Environ 1 million d’étudiants étrangers sont actuellement inscrits dans les universités américaines. Beaucoup aimeraient, une fois leur diplôme en poche, bénéficier d’une première expérience professionnelle aux États-Unis, un souhait de plus en plus difficile à concrétiser, selon Bloomberg.
“L’avenir des étudiants internationaux qui souhaitent rester aux États-Unis suscite actuellement beaucoup d’inquiétude, reconnaît Erica Kryst, responsable de l’orientation professionnelle à l’Université Cornell, à New York.
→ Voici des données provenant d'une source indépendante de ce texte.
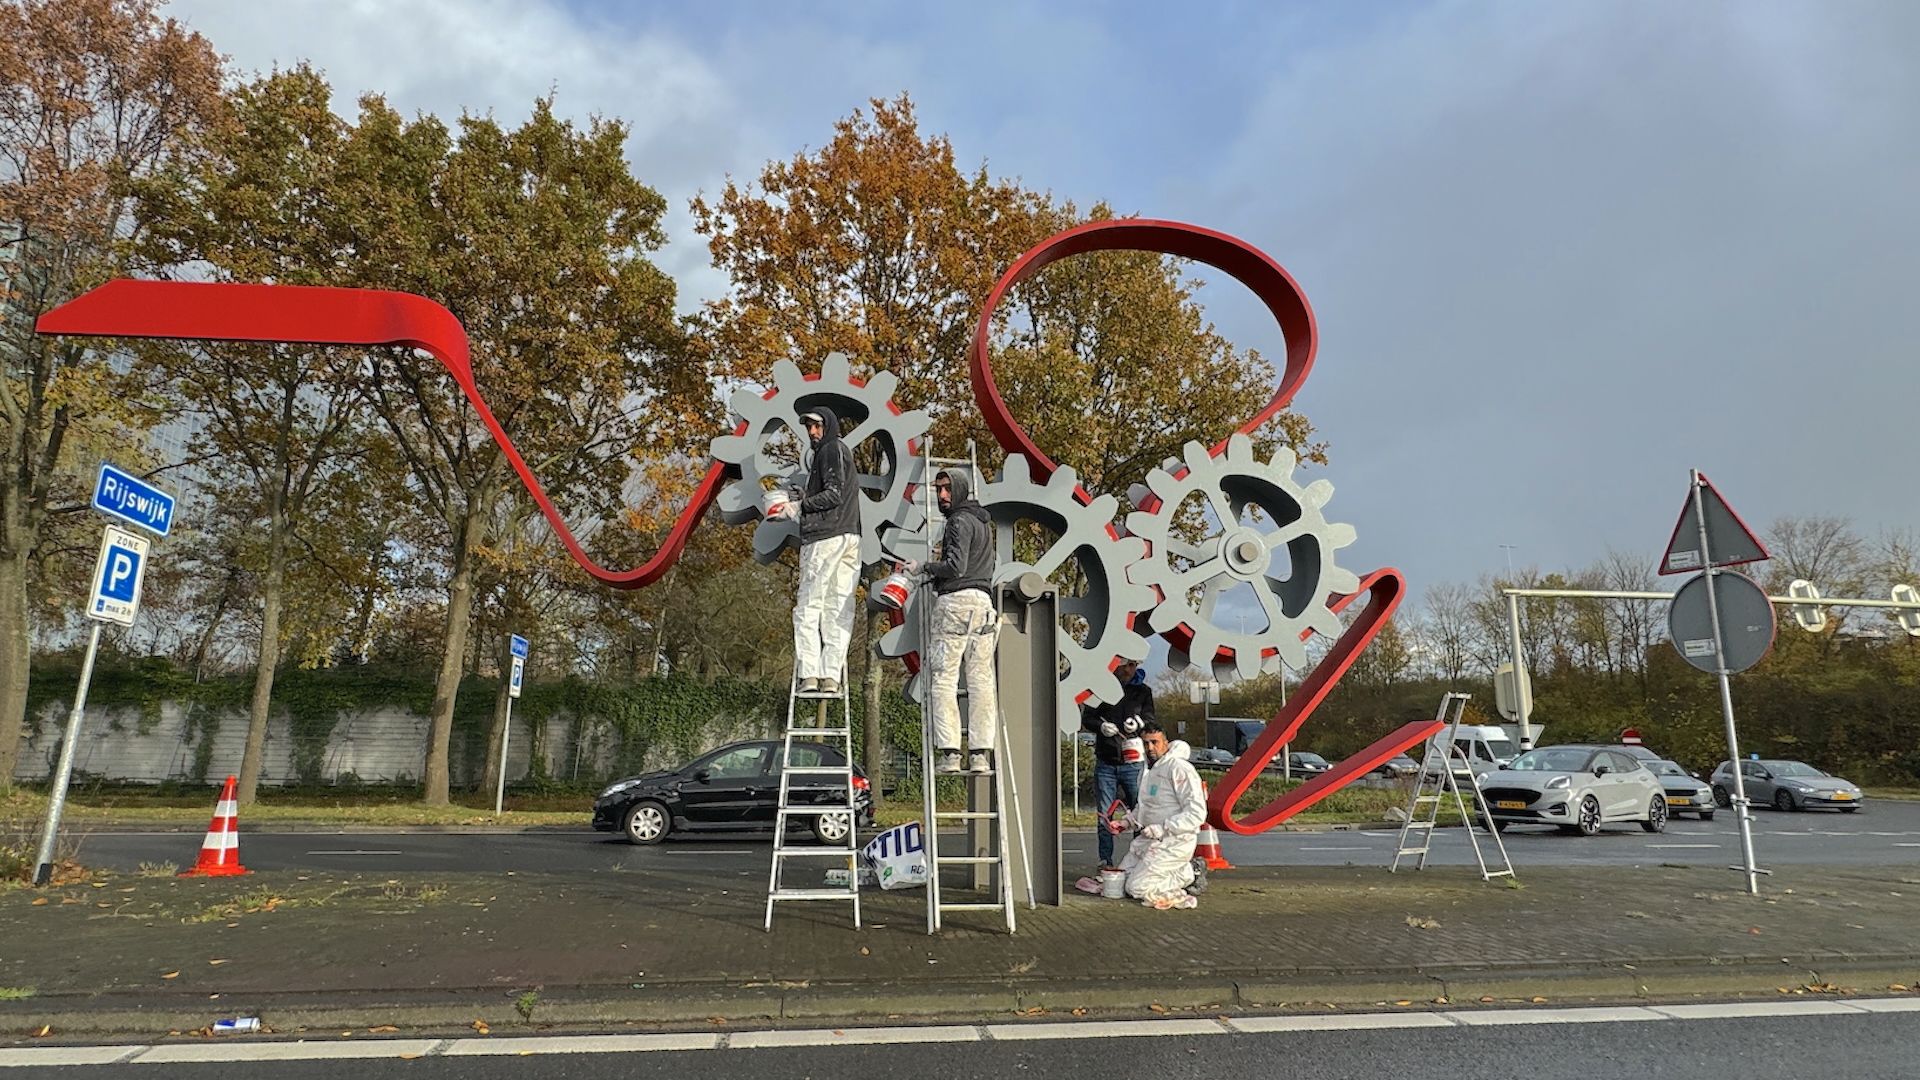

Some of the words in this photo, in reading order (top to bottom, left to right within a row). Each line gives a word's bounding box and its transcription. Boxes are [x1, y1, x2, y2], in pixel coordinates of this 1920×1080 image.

[103, 476, 167, 523] Rijswijk
[116, 535, 139, 551] ZONE
[109, 553, 132, 591] P
Pour eux, tout est devenu plus difficile, en particulier trouver des entreprises qui acceptent de les sponsoriser.”
Les diplômés étrangers qui ont fait leurs études aux États-Unis sont autorisés à travailler dans le pays pendant trois ans s’ils sont diplômés en sciences, technologie, ingénierie ou mathématiques, rappelle Bloomberg. Les autres peuvent rester seulement un an aux États-Unis. Durant cette période, ils peuvent tenter d’obtenir un visa H-1B, ce qui implique de trouver une entreprise pour les parrainer “une procédure coûteuse dans laquelle de nombreuses entreprises refusent de s’engager”.